> Assigned task:
What follows is a set of records; repeat them exactly, without the pictures.

[Entries taken from a collection]
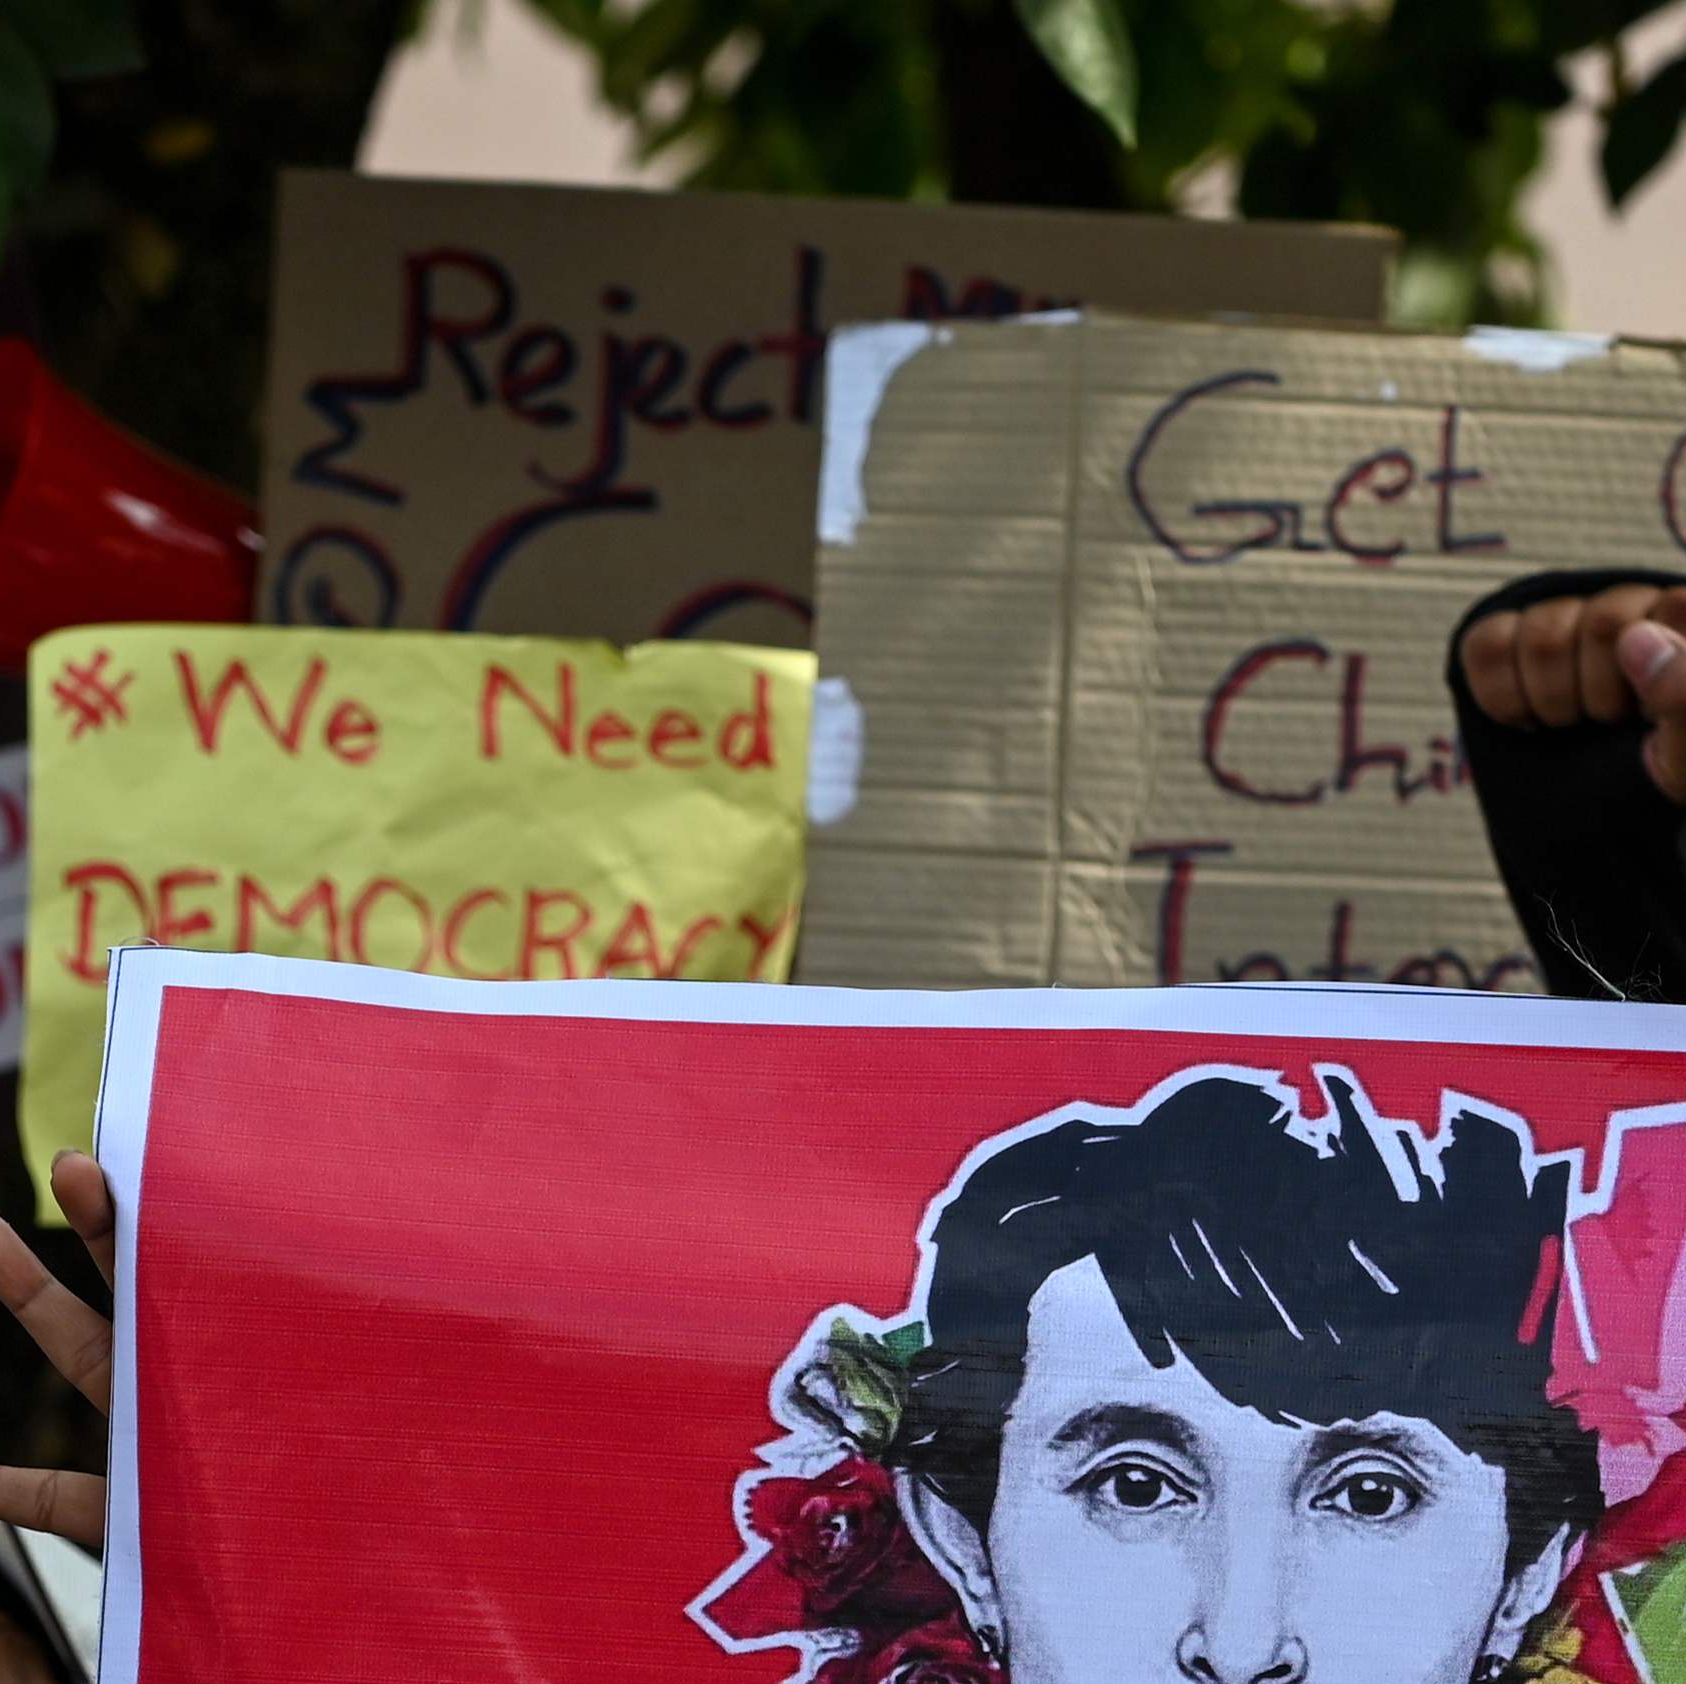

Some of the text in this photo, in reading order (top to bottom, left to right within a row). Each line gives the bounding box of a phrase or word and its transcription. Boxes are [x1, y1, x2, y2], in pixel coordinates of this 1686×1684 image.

[398, 245, 828, 498] Reject
[1127, 371, 1508, 565] Get
[174, 649, 381, 766] We
[477, 660, 777, 772] Need

> Task solution:
Some of the text in this photo, in reading order (top to bottom, left to right within a row). Each line gives the bounding box of a phrase or word and its transcription. Boxes are [x1, y1, x2, y2], in pixel coordinates of this 1686×1684 image.

[398, 245, 828, 498] Reject
[1127, 371, 1508, 565] Get
[174, 649, 381, 766] We
[477, 660, 777, 772] Need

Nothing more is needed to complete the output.